The Therapist’s Mirror: How Lack of Self-Awareness Can Dysregulate Clients

A therapist who lacks the capacity for self-awareness and attunement may, at best, provide surface-level support, but they’re also likely to cause harm, especially to trauma survivors. Without the ability to co-regulate and deeply connect with their clients’ internal states, such therapists might reinforce feelings of mistrust, disconnection, or even trauma, despite their best intentions.

Their inability to hold a safe space can do the opposite of healing by:

Reinforcing Trauma Patterns: 

When a therapist is not attuned, it can feel to the client like they are re-experiencing the emotional neglect or misattunement they may have encountered in the past. This only deepens trauma patterns, leaving the client feeling more isolated, invalidated, or misunderstood.

 

Causing Dysregulation: 

A therapist who is dysregulated or unskilled in co-regulation can inadvertently dysregulate the client. Without the safety of a regulated nervous system in the room, the client may leave sessions more anxious or overwhelmed, amplifying their distress.

 

Breaching Trust:
The therapeutic relationship relies on trust and safety. When a therapist can’t connect with the client on a nervous system level, this breaks the trust. For trauma survivors, this can feel like another relational betrayal, reinforcing the belief that no one can truly understand or help.

 

Blocking Healing: 

True therapeutic work involves accessing vulnerable emotions and deep body-based experiences. Without the right support, clients might find themselves stuck, unable to move through trauma because the therapist lacks the necessary skills to guide them safely.

 

Therapists who aren’t aware of the felt sense or their own nervous system dynamics may unintentionally cause harm by repeating patterns of invalidation or disconnection. While they may help in limited ways (e.g., offering practical coping strategies), they cannot offer the kind of deep, reparative healing needed for complex trauma. For people with severe developmental trauma, this misattunement can be particularly damaging, as it further disrupts their capacity to trust others or their own internal experience.

 

In such cases, clients must seek out a therapist who understands and embodies principles of Interpersonal Neurobiology (IPNB) and somatic work, someone who is both emotionally and physiologically attuned and capable of creating a truly healing space. I recommend those trained in the NeuroAffective Relational Model (NARM), which is non-pathologizing, shame-busting, neuroscience-based, attachment-focused, and somatically oriented.

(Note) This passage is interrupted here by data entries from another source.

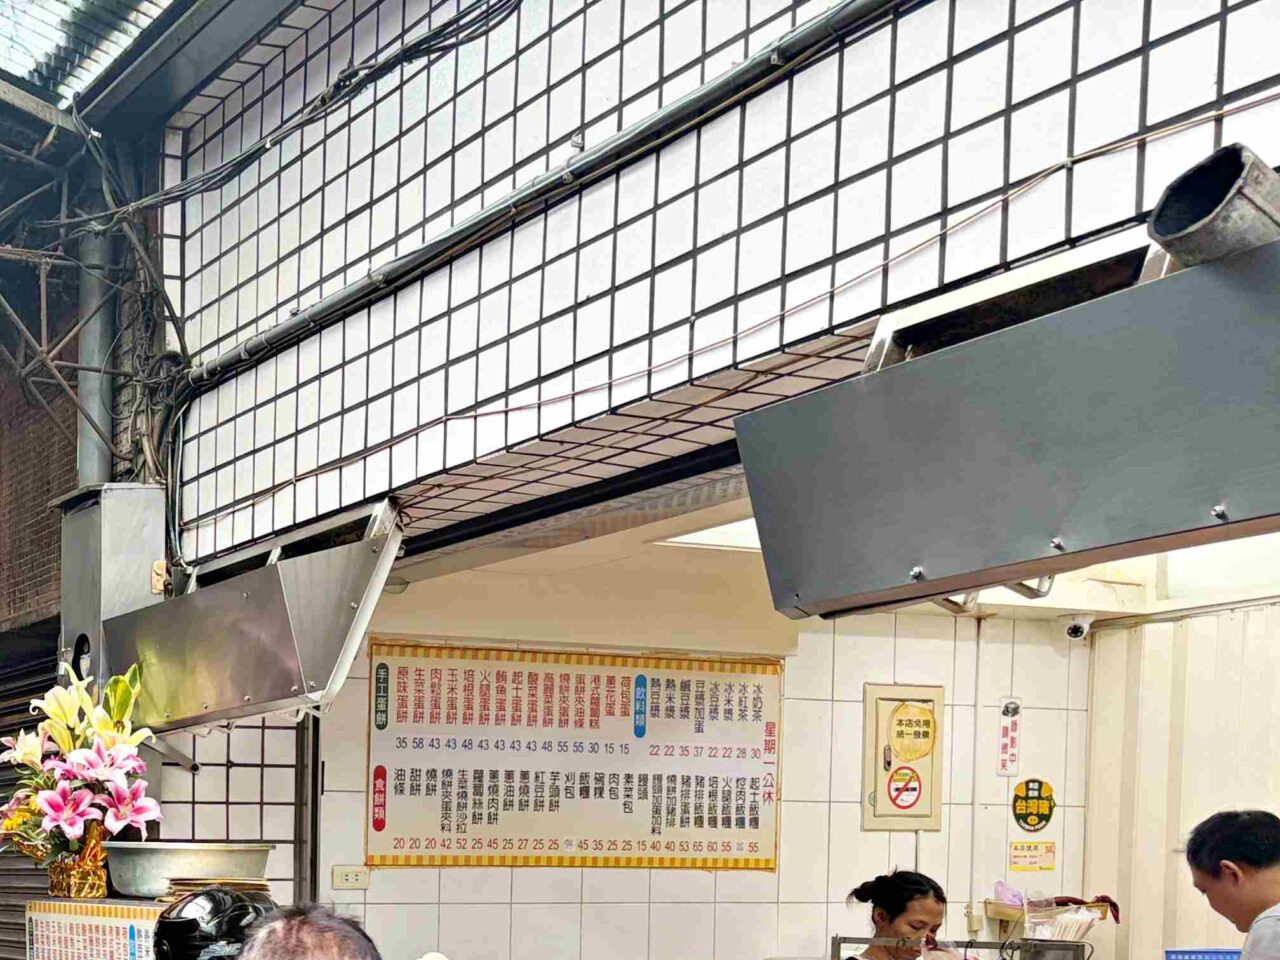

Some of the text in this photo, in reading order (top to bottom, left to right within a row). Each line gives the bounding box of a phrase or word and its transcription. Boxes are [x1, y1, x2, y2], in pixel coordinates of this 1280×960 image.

[376, 668, 388, 725] 手工蛋餅
[396, 666, 408, 724] 原味蛋餅
[413, 667, 425, 724] 生菜蛋餅
[446, 668, 458, 725] 玉米蛋餅
[462, 669, 475, 725] 培根蛋餅
[479, 669, 490, 726] 火腿蛋餅
[511, 671, 523, 727] 起士蛋餅
[620, 676, 631, 717] 荷包蛋
[635, 687, 646, 726] 飲料類
[738, 682, 748, 722] 冰紅茶
[752, 684, 762, 722] 冰奶茶
[897, 719, 930, 728] 本店免用
[896, 730, 929, 739] 統一發票
[396, 737, 407, 749] 35
[412, 737, 424, 749] 58
[428, 738, 440, 750] 43
[445, 738, 457, 750] 43
[462, 739, 473, 751] 48
[478, 739, 489, 751] 43
[494, 740, 505, 752] 43
[510, 740, 522, 752] 43
[526, 741, 537, 753] 43
[542, 741, 552, 753] 48
[557, 742, 568, 754] 55
[572, 742, 584, 754] 55
[588, 743, 599, 755] 30
[605, 743, 615, 755] 15
[620, 744, 630, 756] 15
[650, 745, 660, 757] 22
[664, 745, 674, 757] 22
[679, 746, 690, 758] 35
[693, 746, 704, 758] 37
[708, 747, 718, 759] 22
[722, 747, 732, 759] 22
[736, 748, 747, 760] 28
[751, 748, 761, 760] 30
[763, 721, 776, 805] 星期一公休
[394, 768, 406, 796] 油條
[410, 768, 421, 796] 甜餅
[426, 768, 437, 796] 燒餅
[564, 772, 576, 799] 刈包
[579, 772, 590, 799] 飯糰
[608, 773, 619, 800] 肉包
[637, 773, 648, 800] 饅頭
[534, 771, 545, 812] 紅豆餅
[548, 772, 560, 812] 芋頭餅
[622, 773, 634, 814] 素菜包
[680, 775, 691, 828] 豬排蛋餅
[708, 776, 718, 828] 培根飯糰
[394, 838, 404, 849] 20
[409, 838, 420, 849] 20
[425, 838, 436, 849] 20
[440, 838, 452, 849] 42
[456, 838, 468, 850] 52
[472, 838, 483, 850] 25
[487, 839, 498, 850] 45
[502, 839, 514, 850] 25
[518, 839, 528, 850] 27
[533, 839, 544, 851] 25
[548, 839, 559, 851] 25
[578, 840, 588, 851] 45
[592, 840, 603, 851] 35
[607, 840, 618, 852] 25
[622, 840, 632, 852] 25
[637, 841, 646, 852] 15
[650, 841, 660, 852] 40
[664, 841, 675, 852] 40
[679, 841, 689, 852] 53
[693, 841, 703, 853] 65
[708, 841, 718, 853] 60
[722, 842, 732, 853] 55
[748, 842, 758, 853] 55
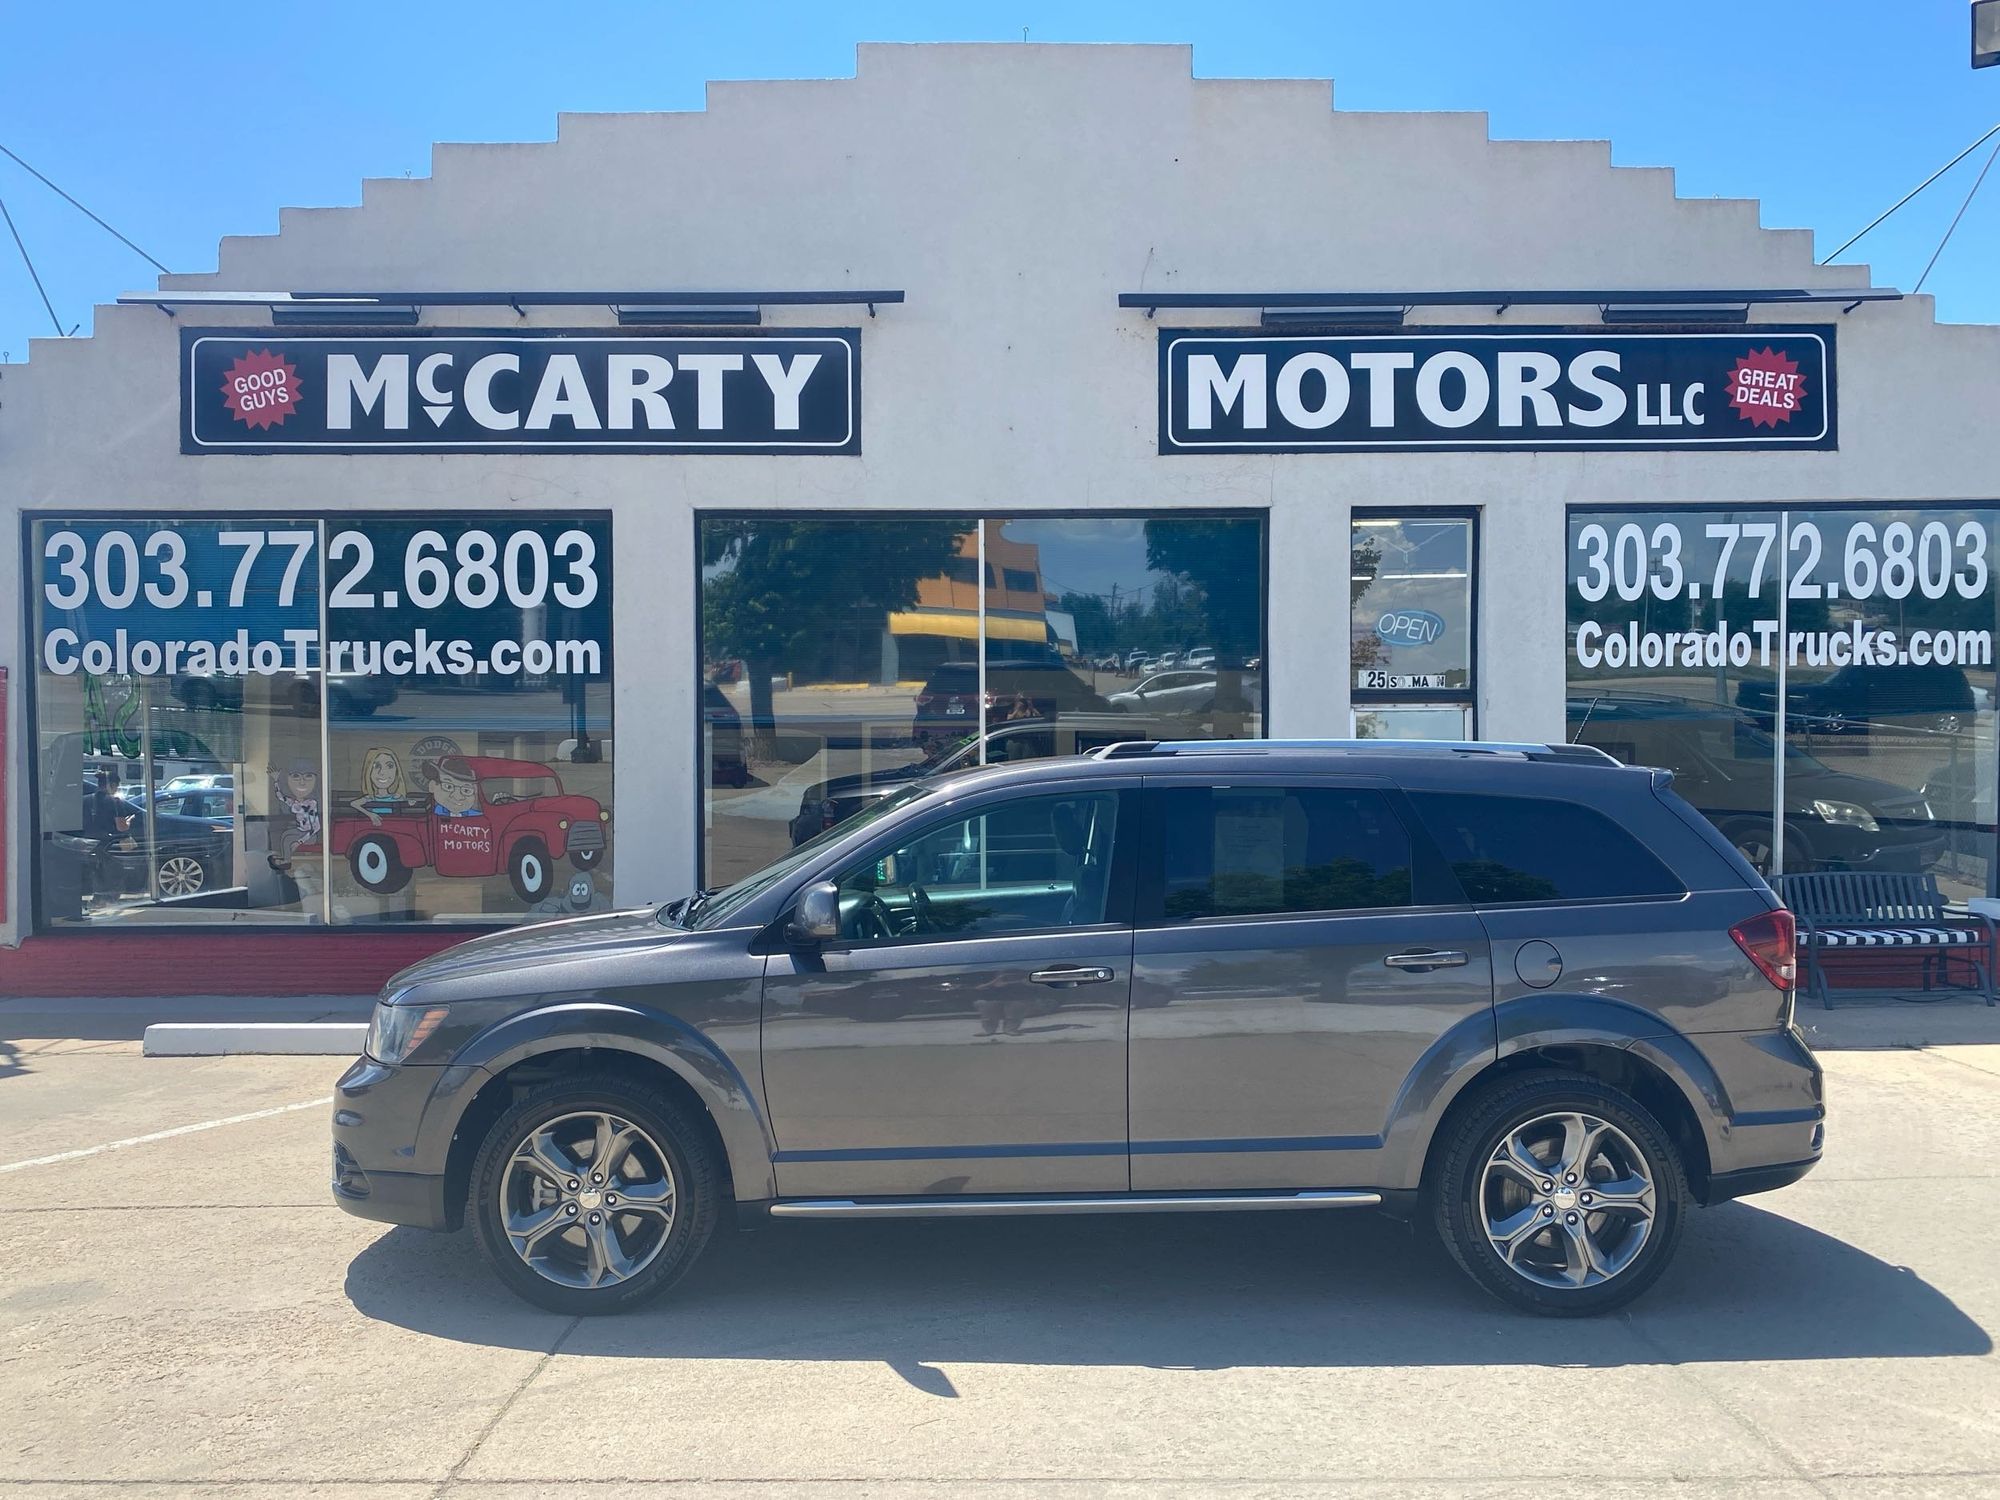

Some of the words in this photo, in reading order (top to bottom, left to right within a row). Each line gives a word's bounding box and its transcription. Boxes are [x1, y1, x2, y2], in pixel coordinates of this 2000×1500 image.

[234, 368, 287, 394] GOOD
[1187, 350, 1628, 430] MOTORS
[1637, 382, 1705, 426] LLC
[1738, 368, 1799, 391] GREAT
[240, 387, 290, 412] GUYS
[1736, 387, 1795, 409] DEALS
[44, 529, 599, 610] 303.772.6803
[1576, 521, 1989, 602] 303.772.6803
[1379, 613, 1438, 642] OPEN
[44, 627, 601, 676] ColoradoTrucks.com
[1576, 619, 1992, 668] ColoradoTrucks.com
[444, 839, 490, 853] MOTORS
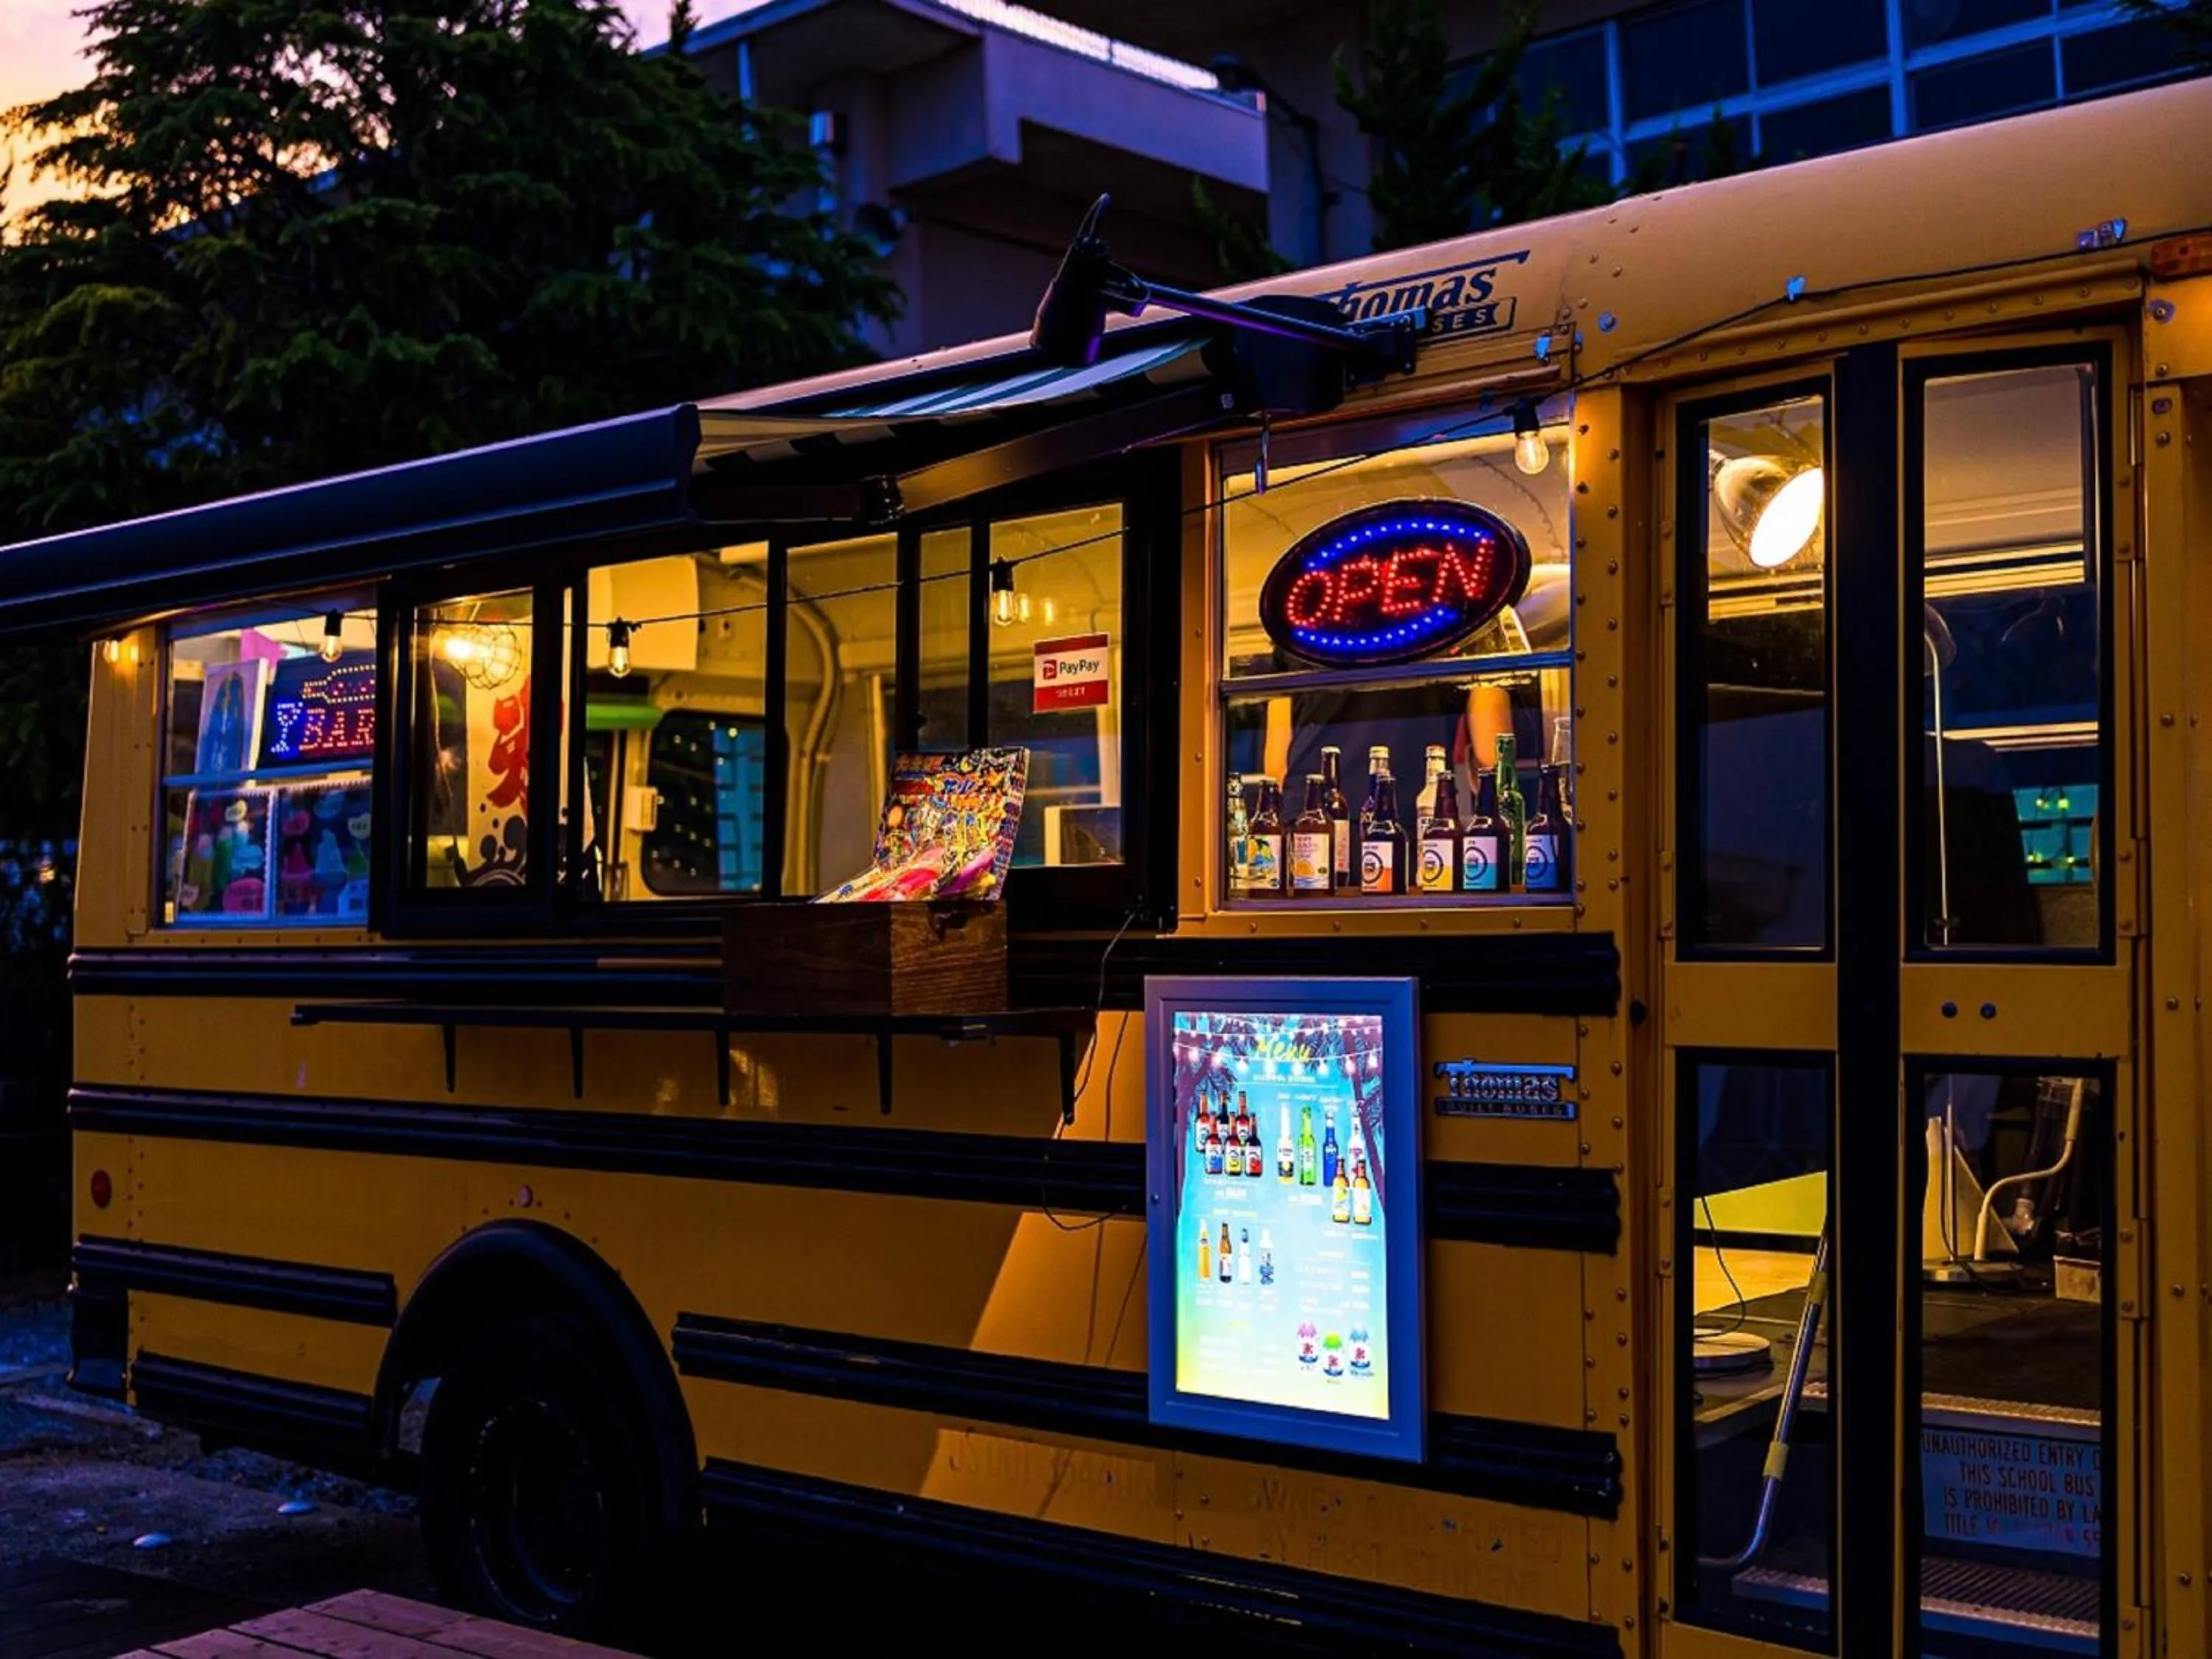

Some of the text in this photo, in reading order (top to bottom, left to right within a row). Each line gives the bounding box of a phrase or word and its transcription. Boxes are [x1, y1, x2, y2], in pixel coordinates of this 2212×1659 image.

[1333, 266, 1498, 323] homas
[1284, 539, 1495, 627] OPEN
[1060, 659, 1099, 675] PayPay
[299, 709, 375, 749] BAR
[1441, 1062, 1569, 1102] Thomas
[1921, 1431, 2101, 1471] UNAUTHORIZED ENTRY O
[1960, 1461, 2095, 1498] THIS SCHOOL BUS
[1944, 1486, 2101, 1523] IS PROHIBITED BY LA

This post includes content generated by ChatGPT, a language model developed by OpenAI. The AI-generated content has been reviewed and edited for accuracy and relevance.

About Shay Seaborne, CPTSD

Former tall ship sailor turned trauma awareness activist-artist Shay Seaborne, CPTSD has studied the neurobiology of fear / trauma /PTSD since 2015. She writes, speaks, teaches, and makes art to convey her experiences as well as her understanding of the neurobiology of fear, trauma theory, and principles of trauma recovery. A native of Northern Virginia, Shay settled in Delaware to sail KALMAR NYCKEL, the state’s tall ship. She wishes everyone could recognize PTSD is not a mental health problem, but a neurophysiological condition rooted in dysregulation, our mainstream culture is neuro-negative, and we need to understand we can heal ourselves and each other through awareness, understanding, and safe connection.